Like any club, the pathway for youngsters coming through to the first team is hugely important. Dan outlined what it is like at Cheltenham Town: “The pathway is pretty good, I think. There’s been a few players that have made it to the senior level. For instance, Holly Rogers, who recently returned from a spell at Boldmere St. Michael in Birmingham, came up through the ranks, as well as Annabel Davies who had a couple of years in the first team. At the moment our Development Team is packed with youth system products, the likes of Hannah Dix, Leah Rhodes, Amie Boyce and Elle-Mae Simpson all instantly spring to mind. So, the pathway definitely does offer a way up to senior football, all the way from Under 8’s I think the youngest year group is.”
Like any club, Cheltenham Town can only function and prosper due to a group of core volunteers. “Obviously, the players go out there and work hard and bring back the results,” said Dan. The coaching staff and managers who go through the details with a fine-toothed combe and make sure no rock is unturned, there’s Darren Johnson and Evie who work in the shop serving tea and coffee, and if you ever saw them at half-time you’d know exactly why they deserve a mention! The media team do a fantastic job of covering us, both for our own coverage and for Cheltenham Town FC. And then there’s the chairman, and the secretary who sort mountains of paperwork and make sure everything is ticking over and nothing is rocking the boat. Everybody, from the chairman to the girls who work on the gate collecting money, it’s a real team effort and there’s a lot of people behind the scenes making sure everything goes to plan without a hitch who don’t get a mention.”
With, hopefully the first signs of the end of the pandemic on the horizon, we ended our chat by focusing on what Dan’s aims are for the sport and Cheltenham Town more specifically over the next five years or so.

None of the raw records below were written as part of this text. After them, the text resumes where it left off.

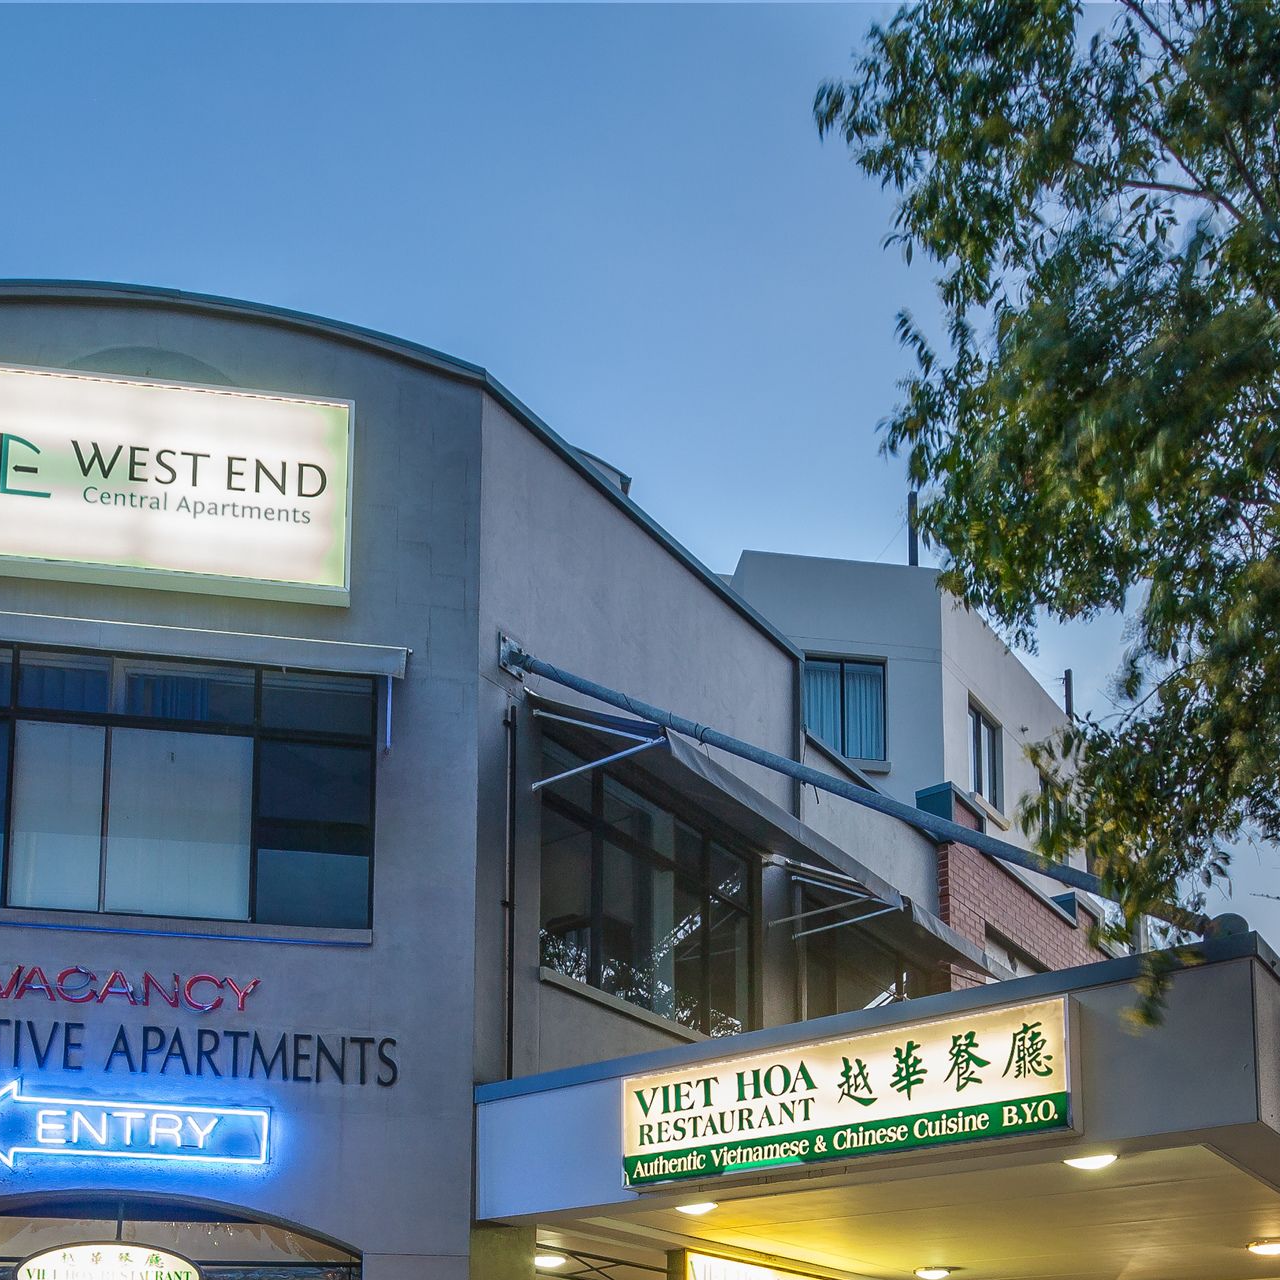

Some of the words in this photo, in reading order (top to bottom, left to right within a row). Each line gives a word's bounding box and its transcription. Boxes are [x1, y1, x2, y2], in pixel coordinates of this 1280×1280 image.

[71, 439, 211, 488] WEST
[226, 455, 328, 499] END
[82, 485, 168, 511] Central
[176, 495, 312, 525] Apartments
[104, 1023, 399, 1088] APARTMENTS
[836, 1021, 1054, 1107] 越華餐廳
[634, 1076, 719, 1119] VIET
[735, 1060, 818, 1103] HOA
[35, 1109, 220, 1149] ENTRY
[633, 1150, 707, 1179] Authentic
[711, 1137, 810, 1167] Vietnamese
[814, 1134, 828, 1153] &
[833, 1124, 909, 1151] Chinese
[913, 1110, 990, 1138] Cuisine
[1001, 1099, 1059, 1128] B.Y.O.
[638, 1097, 816, 1147] RESTAURANT
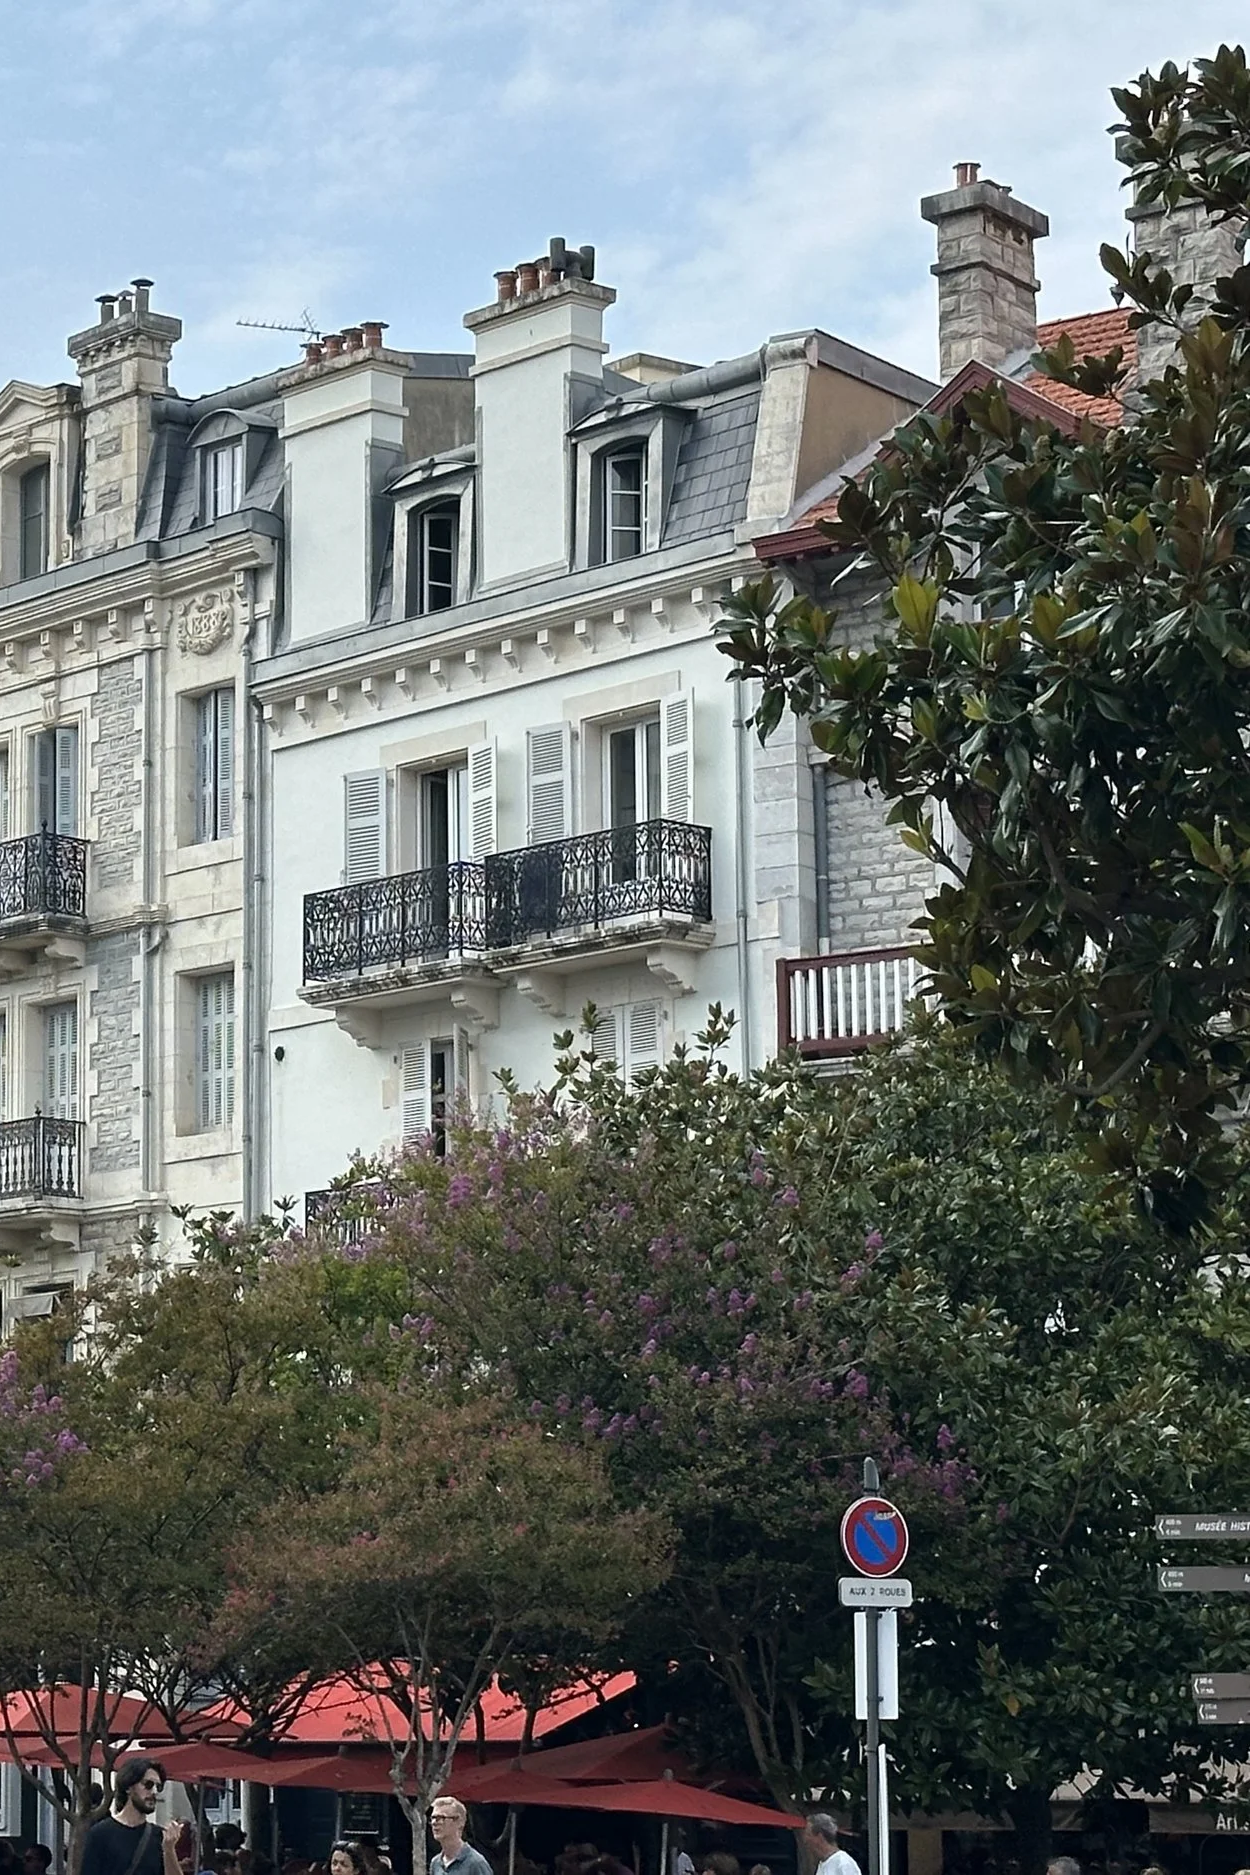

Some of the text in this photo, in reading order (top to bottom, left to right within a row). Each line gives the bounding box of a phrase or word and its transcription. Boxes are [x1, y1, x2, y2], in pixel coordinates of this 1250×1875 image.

[1195, 1519, 1227, 1532] MUSÉE
[849, 1587, 906, 1597] AUX 2 ROUES

“I’d love to see women’s football grow further, especially at our level. I’ve been involved in women’s football for about four years and it’s great. It would be fantastic to see women’s football in this country grow and I think it will continue to do and the further generations will carry it on as they grow up with more and more exposure being given to the women’s game. Eventually it’ll just become the norm, hopefully. I’d also like to see the FA Women’s National League get more exposure, as the Super League and Championship get a lot of coverage.

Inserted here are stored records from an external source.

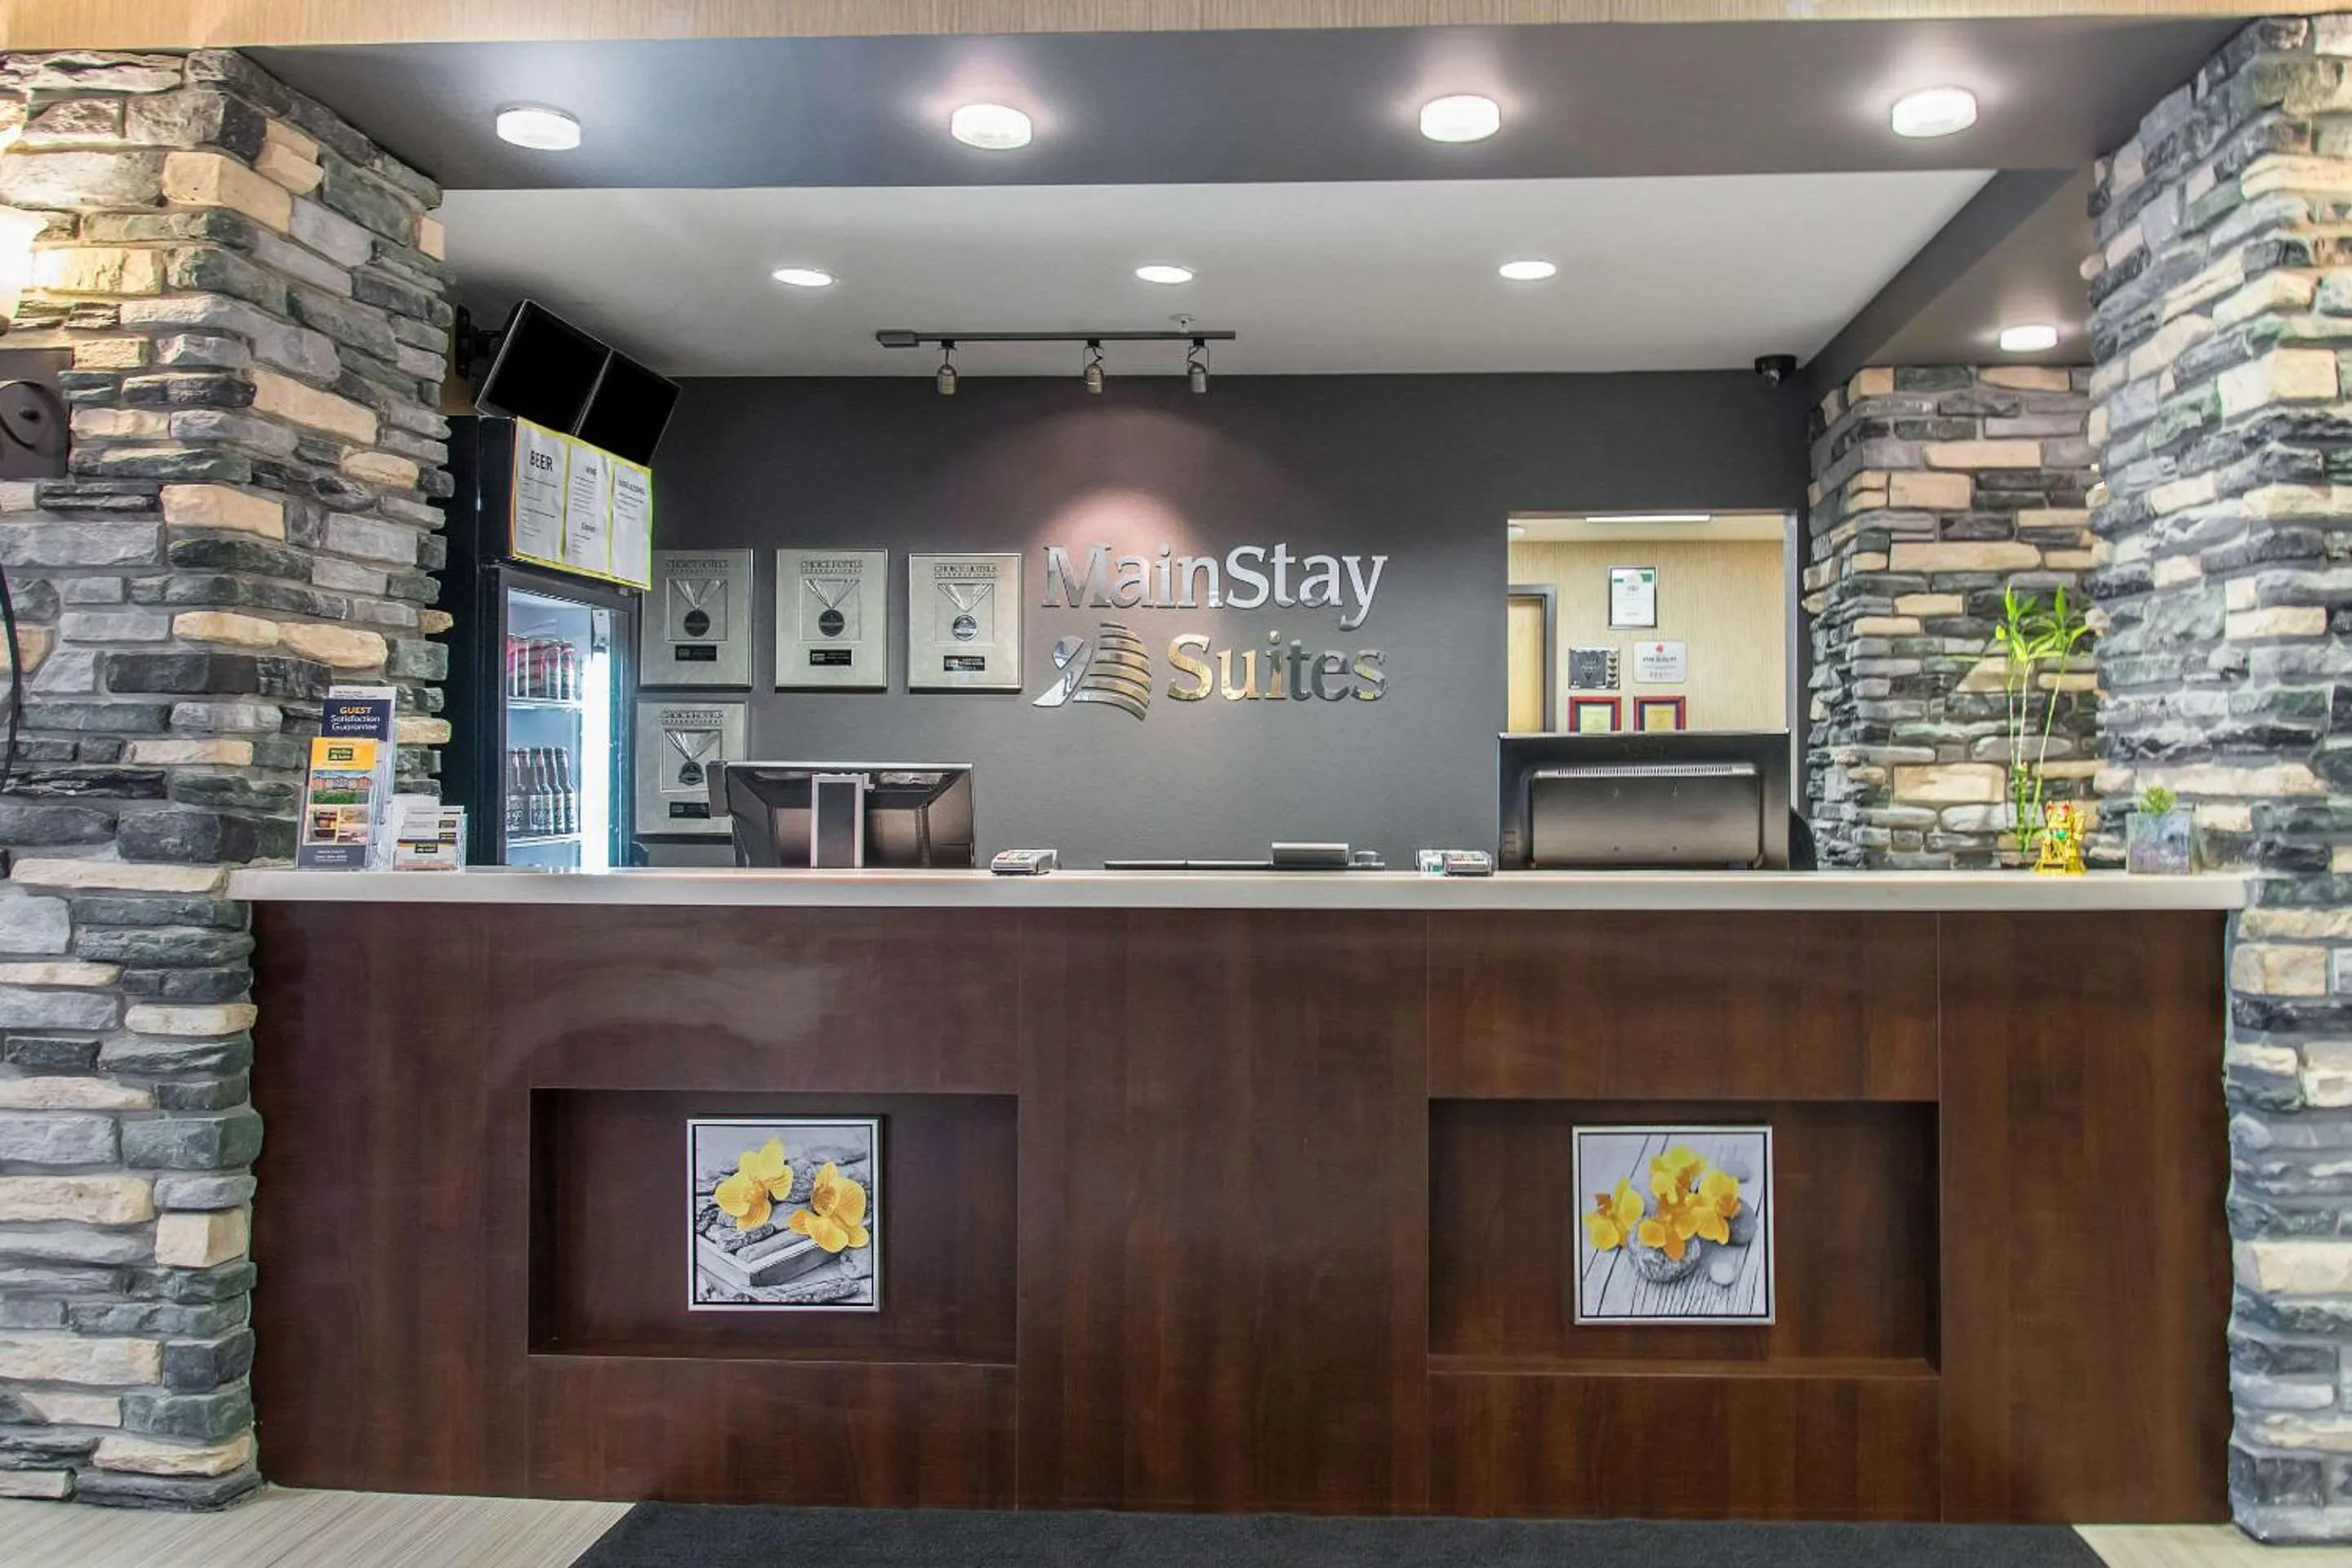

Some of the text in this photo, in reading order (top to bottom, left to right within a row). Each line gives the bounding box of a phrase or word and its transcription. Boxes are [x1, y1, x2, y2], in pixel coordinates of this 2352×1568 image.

[530, 450, 553, 471] BEER
[1041, 542, 1388, 630] MainStay
[1167, 630, 1388, 702] Suites
[330, 715, 381, 723] Satisfaction
[340, 706, 372, 715] GUEST

“For the club, it’s a tricky one…. Obviously, I’d like to see us get promoted if possible. But it’s always a case of ‘be careful what you wish for’. We’ve all seen clubs in the past, like Blackpool or Yeovil Town in men’s football, who skyrocket up the leagues but can’t sustain it and the decline is almost as rapid as the rise. So, we have to make sure we avoid that.”
“Naturally, we want to build the club and we want to compete at a good level and see how far this club can really go. That said, from my standpoint as Head of Media, if we can’t go forwards, then we definitely don’t want to go backwards. So as long as we’ve got a real stability in the club and we’re able to steadily grow and maintain what we have, and if we can build our fan base and give Cheltenham Town Ladies fans a good time on a Sunday afternoon, then happy days, that’s fantastic. I’d be more than happy with that.”